Fast forward in die Jetztzeit: In der britischen Indieszene sind The Last Dinner Party schon längst die nächsten Superstars – oder müssen sich gar gegen misogyne Vorwürfe wehren, sie seien eine "Industry Plant" und ihr Erfolg nicht hart erspielt, sondern erkauft. Was schlichtweg nicht stimmt: Zwar wurden The Last Dinner Party früh von den richtigen Business-Leuten entdeckt (und von etablierten Künstlerinnen wie Florence + The Machine gefördert), aber ihre Konzerte und vor allem die Begeisterung ihrer Fans ist echt. Mal abgesehen von den emotionalen und mit Literaturzitaten gespickten Lyrics und dem guten Songwriting.
Seit dem Release ihres zweiten Albums "From The Pyre", der nicht gerade kleinen Tour danach und der Bestätigung als Support-Act für Olivia Rodrigos kommende Welttournee sind The Last Dinner Party so langsam kein Indie-Ding oder gar Geheimtipp mehr. Und sie haben immer neue Ideen und Songs parat: So veröffentlichten sie kürzlich die Single "Big Dog" – wieder einmal ein wuchtiger Art-Pop-Song, der viele an PJ Harvey oder Nick Cave & The Bad Seeds erinnern dürfte.
Der Clou dabei: Vor dem Lied kommt das Gedicht "Come All You Beasts", das Bassistin Georgia Davies so erklärt: "Come All You Beasts wurde geschrieben, um die folkloristischen und erzählerischen Elemente von From The Pyre in 'Big Dog' einzuführen.

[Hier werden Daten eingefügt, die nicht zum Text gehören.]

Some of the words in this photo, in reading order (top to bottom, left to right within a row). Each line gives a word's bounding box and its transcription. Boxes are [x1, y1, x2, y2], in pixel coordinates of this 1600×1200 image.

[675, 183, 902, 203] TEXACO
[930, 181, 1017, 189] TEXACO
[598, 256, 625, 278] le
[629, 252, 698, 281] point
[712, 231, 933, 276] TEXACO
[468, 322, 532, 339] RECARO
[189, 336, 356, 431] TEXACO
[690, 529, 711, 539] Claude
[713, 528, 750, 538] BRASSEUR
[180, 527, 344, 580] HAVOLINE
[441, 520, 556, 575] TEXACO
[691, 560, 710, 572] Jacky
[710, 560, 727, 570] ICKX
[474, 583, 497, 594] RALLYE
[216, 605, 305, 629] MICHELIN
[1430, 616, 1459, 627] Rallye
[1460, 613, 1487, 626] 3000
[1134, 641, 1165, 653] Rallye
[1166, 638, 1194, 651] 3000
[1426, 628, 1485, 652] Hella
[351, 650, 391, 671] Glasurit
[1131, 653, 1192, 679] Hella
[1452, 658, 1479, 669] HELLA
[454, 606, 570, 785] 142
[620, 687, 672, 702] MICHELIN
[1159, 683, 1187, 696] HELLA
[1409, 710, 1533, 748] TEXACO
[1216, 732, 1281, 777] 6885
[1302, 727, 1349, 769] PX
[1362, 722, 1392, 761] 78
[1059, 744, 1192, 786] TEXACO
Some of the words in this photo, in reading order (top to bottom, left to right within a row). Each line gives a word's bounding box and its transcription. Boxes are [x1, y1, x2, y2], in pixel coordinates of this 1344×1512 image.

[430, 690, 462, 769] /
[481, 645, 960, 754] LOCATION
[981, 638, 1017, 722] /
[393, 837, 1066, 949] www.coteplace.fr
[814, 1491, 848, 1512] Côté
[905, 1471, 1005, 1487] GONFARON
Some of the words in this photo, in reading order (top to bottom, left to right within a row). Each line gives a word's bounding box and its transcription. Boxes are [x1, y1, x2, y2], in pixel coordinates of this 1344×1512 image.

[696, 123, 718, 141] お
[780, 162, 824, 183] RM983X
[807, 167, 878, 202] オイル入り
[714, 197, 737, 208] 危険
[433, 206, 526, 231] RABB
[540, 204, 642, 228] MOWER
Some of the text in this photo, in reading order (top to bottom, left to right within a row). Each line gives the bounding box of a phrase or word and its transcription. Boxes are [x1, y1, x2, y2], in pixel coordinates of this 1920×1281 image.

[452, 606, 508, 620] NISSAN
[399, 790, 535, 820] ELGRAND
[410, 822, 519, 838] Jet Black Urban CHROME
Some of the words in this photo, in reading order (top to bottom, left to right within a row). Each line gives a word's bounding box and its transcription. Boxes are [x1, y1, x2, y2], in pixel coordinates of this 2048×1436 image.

Die Themen des Songs wurden mit Bibelversen verwoben, wobei normative Botschaften über die Sicherheit von Frauen bewusst unterlaufen werden. Wir waren schon immer von Poesie und Performance in all ihren Formen inspiriert, daher fühlte sich Spoken Word mit improvisierter Begleitung wie eine natürliche Erweiterung unserer Kunst an."
Die fünf Musikerinnen mögen gerade mal Mitte zwanzig sein – aber musikalisch und lyrisch sind sie allesamt ziemlich sicher das, was man eine alte Seele nennt.